Lorsque « brother » Ray déboule sur la scène de l’Olympia pour une semaine en mai 1962, on imagine qu’il se retrouve devant une foule de jeunes gens en liesse. Et pour cause : il avait quitté Paris triomphant au mois d’octobre précédent et le voilà qui revient juste deux mois après le cessez-le-feu en Algérie. Libérée de la sinistre conscription pour une guerre coloniale qu’on dit « sans nom », la jeunesse hexagonale jubile d’autant plus que le Genius lui offre son répertoire de hits éternels. « What’d I Say » bien sûr, avec son tambourin qui lui confère des parfums de la Nouvelle-Orléans. « Georgia on My Mind » évidemment, avec cette flûte sublime qui, quelque part, résonne comme un rappel de la façon dont les musiciens afro-américains ont su transcender le patrimoine classique dont les blancs, surtout dans le « bon vieux Sud », voulaient les priver.
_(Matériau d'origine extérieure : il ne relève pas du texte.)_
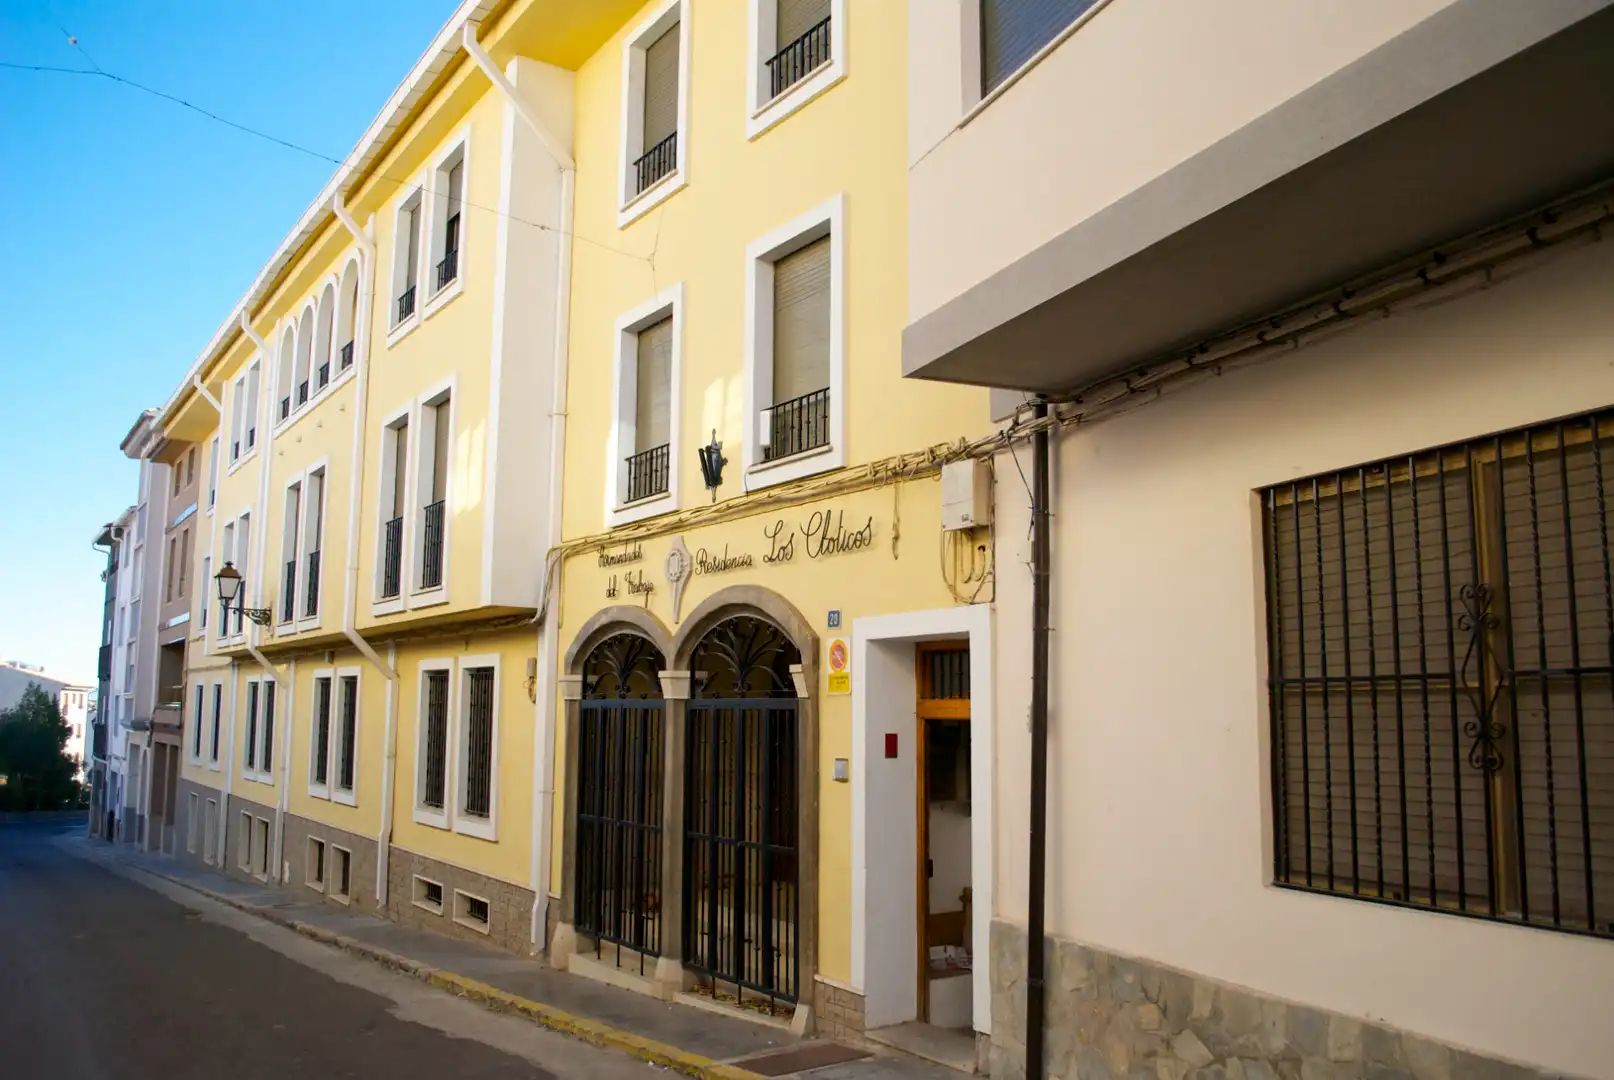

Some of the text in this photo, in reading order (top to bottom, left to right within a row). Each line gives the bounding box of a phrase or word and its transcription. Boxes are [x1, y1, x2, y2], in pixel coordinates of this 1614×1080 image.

On sait d’ailleurs Ray Charles friand de country, dont il intègre la pulsation nonchalante dans ce qu’il faut bien appeler son jazz. La set-list comprend notamment « Moanin’ » de Bobby Timmons ou encore « Doodlin’ » de Horace Silver. Un beau pied de nez aux « whities » suprémacistes du Sud que ce métissage de leur musique de ploucs avec la superbe du rhythm’n’blues - c’est aussi un succès commercial outre-Atlantique.

C’est d’autant mieux balancé que, aux States justement, le pianiste, chanteur et chef d’orchestre est engagé dans le mouvement des droits civiques, récoltant des fonds pour la Southern Christian Leadership Conference de Martin Luther King. S’il ne peut pas participer plus activement à la lutte, c’est parce que son addiction à l’héroïne pourrait porter préjudice aux mobilisations contre la ségrégation. Pourtant, dans ces performances parisiennes, remarquablement captées et remasterisées, nulle trace de quelque faiblesse qui serait imputable à sa dépendance. Bien au contraire. Il devait même donner une interprétation de « Blue Stone », grande pièce instrumentale pour big-band qui n’a jamais fait l’objet d’un enregistrement en studio, sur laquelle il s’exprime au sax alto en digne héritier d’un Johnny Hodges - fidèle compagnon de route de Duke Ellington, qui rappelait constamment à ce dernier ce que sa musique devait au blues. Ray Charles, doit-on le rappeler, non content d’être un chanteur possédé par la soul et un pianiste d’exception, était aussi un excellent saxophoniste.

Entendez-le susurrer et crier, délivrer ces paroles à double sens sur un titre comme « Danger Zone », une banale complainte amoureuse qui dépeint aussi le sort de la majorité de ses frères et sœurs de couleur dans son pays d’origine. Ce dernier morceau, d’ailleurs, avait été composé pour lui par Percy « Stand By Me » Mayfield, que le Genius admirait et qu’il signa sur son éphémère label Tangerine, après qu’un accident de la route l’eut laissé défiguré et donc incapable de reprendre la route du succès. Cette édition discographique présente d’ailleurs des « bonus » issus de ces productions discographiques indépendantes - on peut aussi écouter des morceaux de Louis Jordan, pionnier oublié du rock’n’roll. Et puis il y a les légendaires Raelettes, conduites par la non moins fameuse Margie Hendrix, dont les dialogues sur scène avec le boss font écho à leur relation dans la vraie vie - cette chanteuse d’exception, qui lance en growlant « pourquoi ne dis-tu pas la vérité » se voit rétorquer par son amant aveugle « voyons bébé »… [1]. L’orchestre de 17 musiciens, dirigé par le sax alto Benny Ross « Hank » Crawford Junior, déploie des tutti somptueux, et les solistes ne cessent de mettre en valeur la qualité des compositions du patron. Alors laissons le bon temps rouler et écoutons encore ce dernier s’écrier « dites à tout le monde que Ray Charles est en ville » !

par Laurent Dussutour // Publié le 11 septembre 2022
P.-S. :

[1N’empêche, il la traitera d’une façon si ignoble qu’elle finira par quitter l’orchestre, alors qu’elle était enceinte de lui, accentuant la descente aux enfers de cette soulwoman avant l’heure.